- TASK STATEMENT
Where an entry holds an image, skip the image but reproduce the rest word for word.
Start of RECORD EXCERPTS
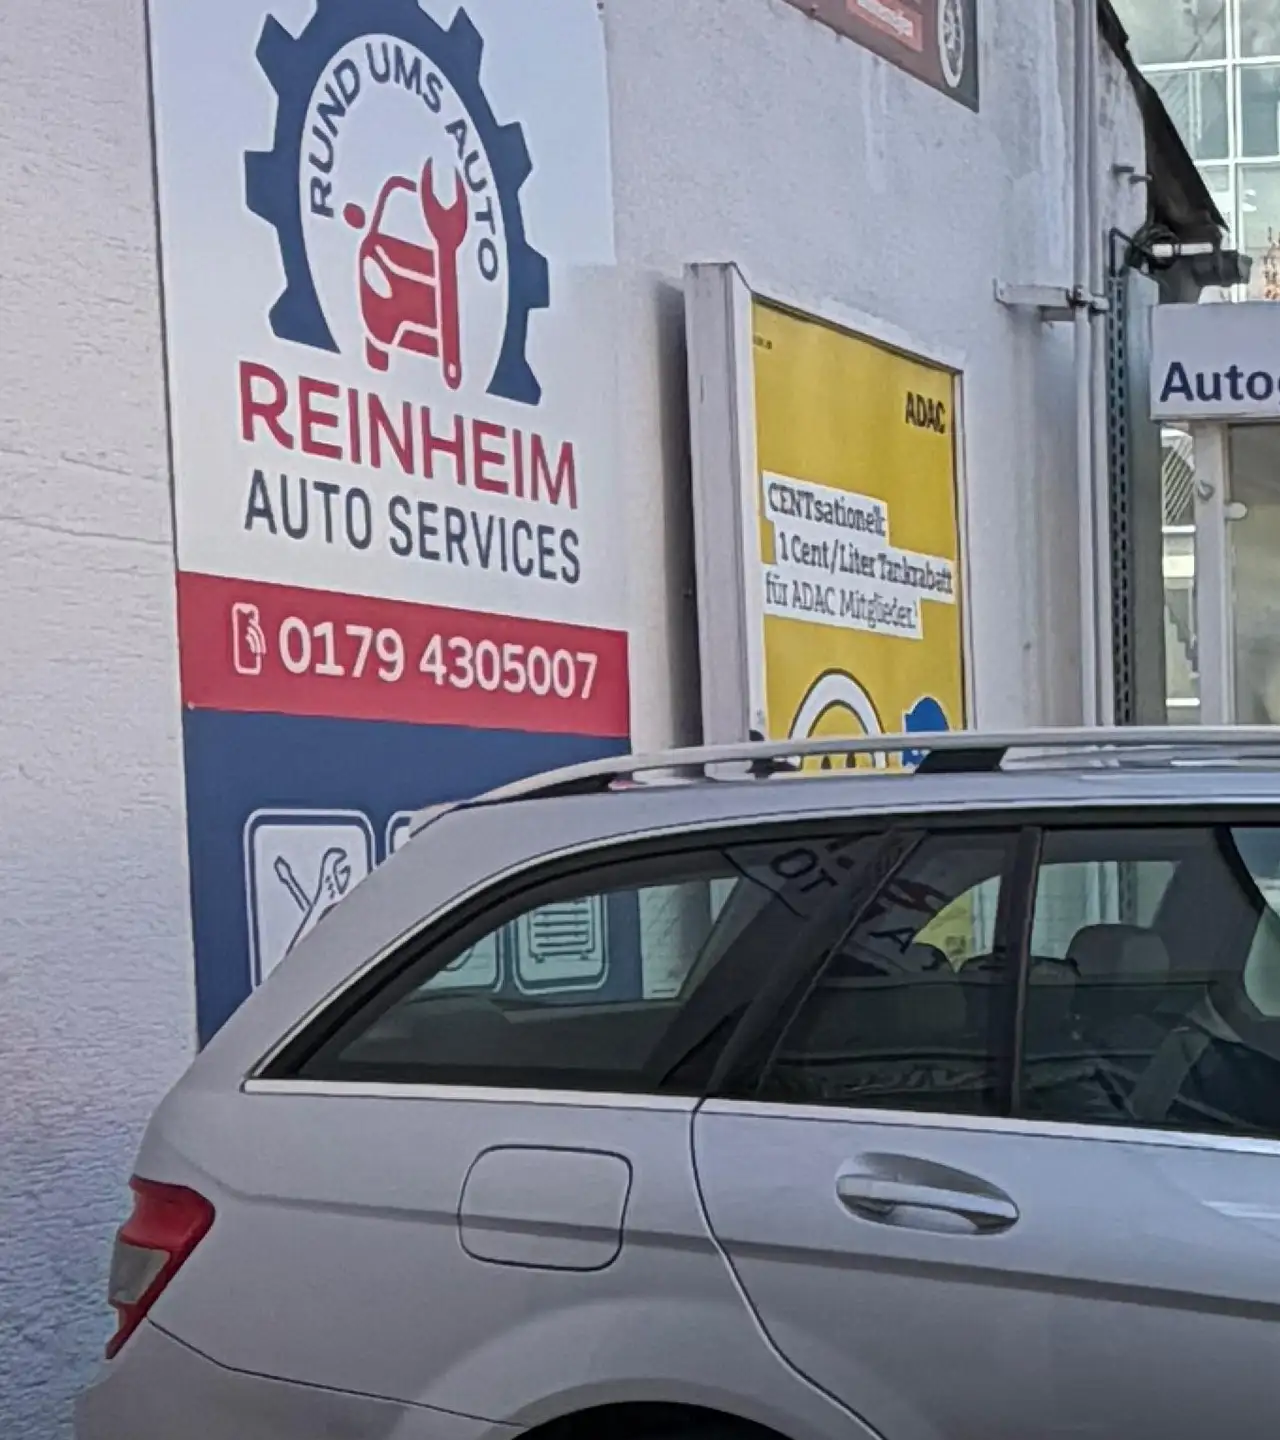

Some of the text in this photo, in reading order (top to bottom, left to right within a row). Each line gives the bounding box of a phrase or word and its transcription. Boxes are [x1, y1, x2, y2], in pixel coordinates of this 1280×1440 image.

[308, 41, 499, 283] RUND UMS AUTO
[239, 360, 579, 510] REINHEIM
[904, 391, 947, 434] ADAC
[243, 469, 581, 585] AUTO SERVICES
[779, 531, 788, 561] 1
[765, 571, 788, 607] für
[791, 580, 836, 617] ADAC
[278, 616, 599, 700] 0179 4305007
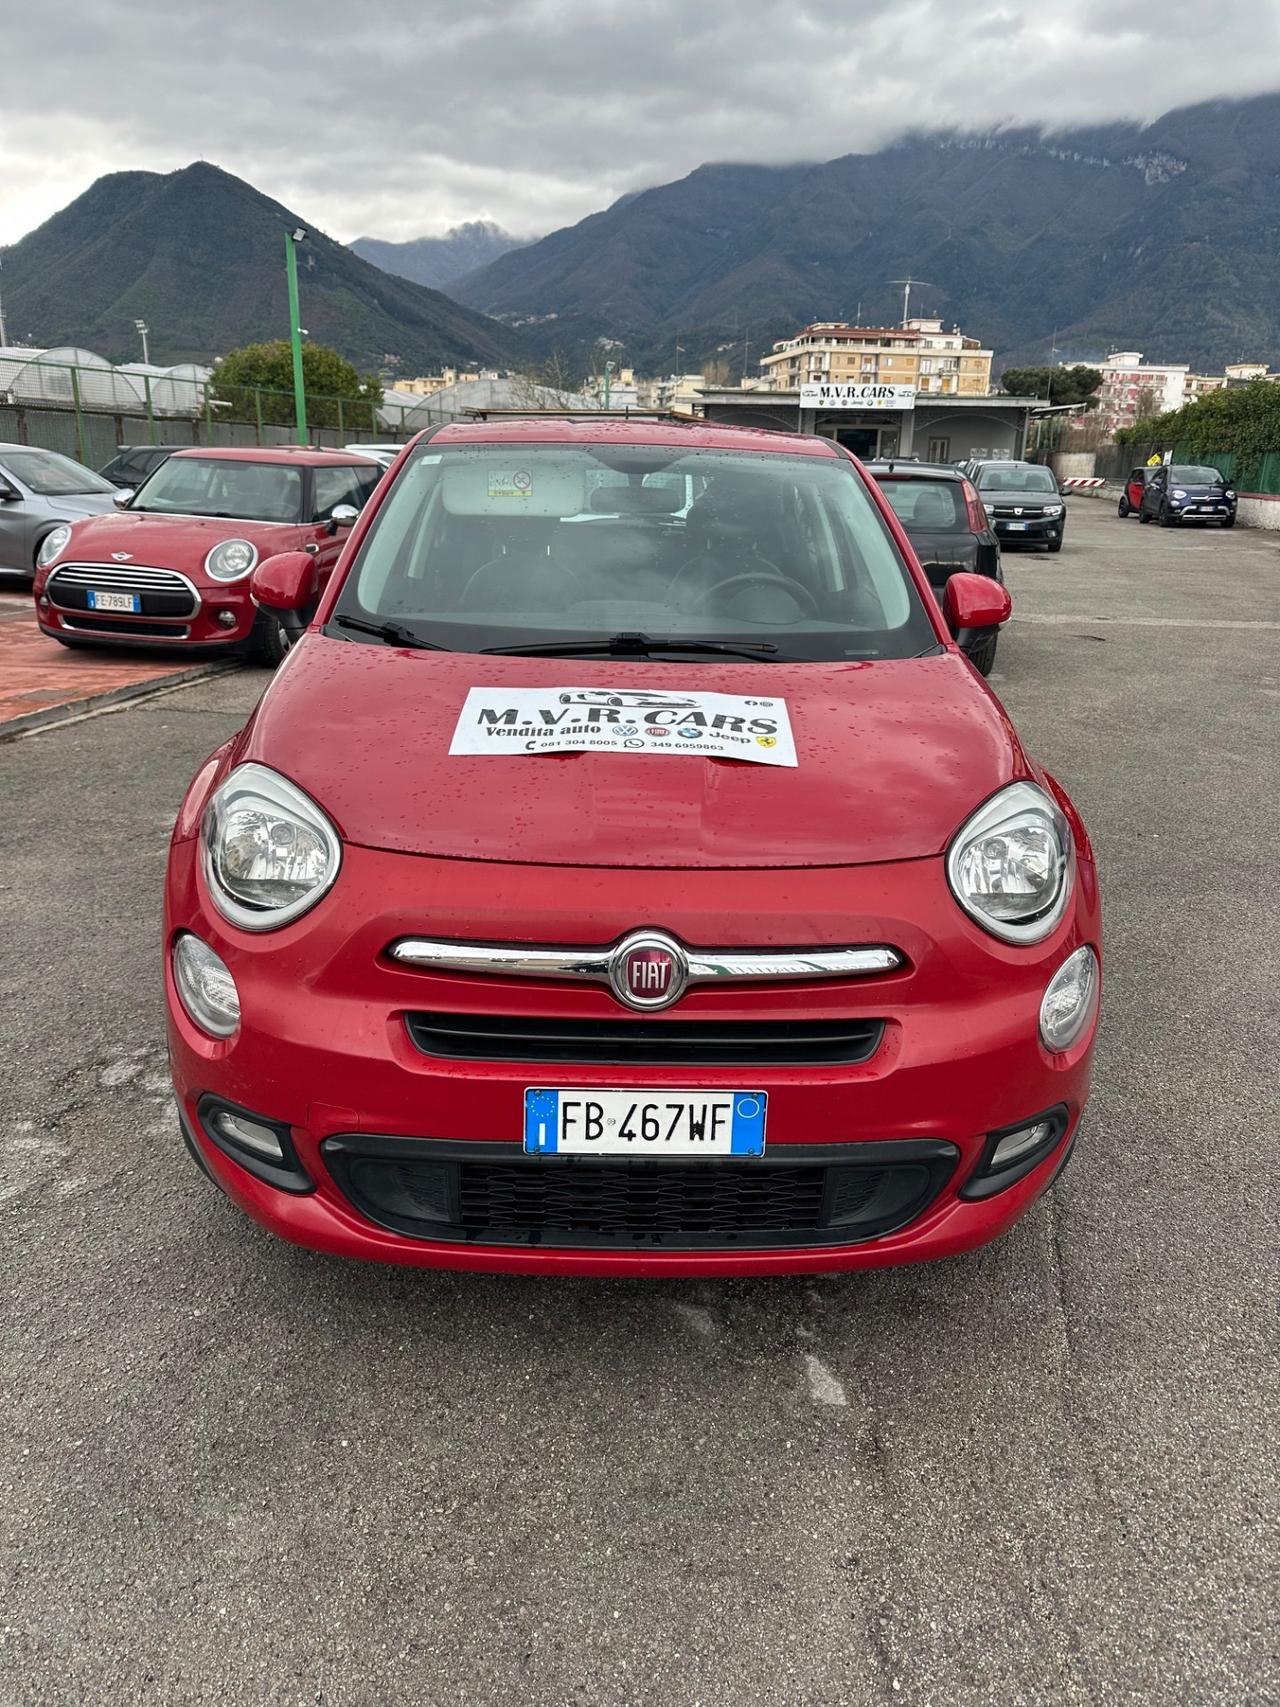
End of RECORD EXCERPTS
- EXERCISE ANSWER
Some of the text in this photo, in reading order (top to bottom, left to right within a row). Each line gives the bounding box of a phrase or word and its transcription. Boxes are [x1, y1, x2, y2], in pixel coordinates of this 1280×1440 image.

[308, 41, 499, 283] RUND UMS AUTO
[239, 360, 579, 510] REINHEIM
[904, 391, 947, 434] ADAC
[243, 469, 581, 585] AUTO SERVICES
[779, 531, 788, 561] 1
[765, 571, 788, 607] für
[791, 580, 836, 617] ADAC
[278, 616, 599, 700] 0179 4305007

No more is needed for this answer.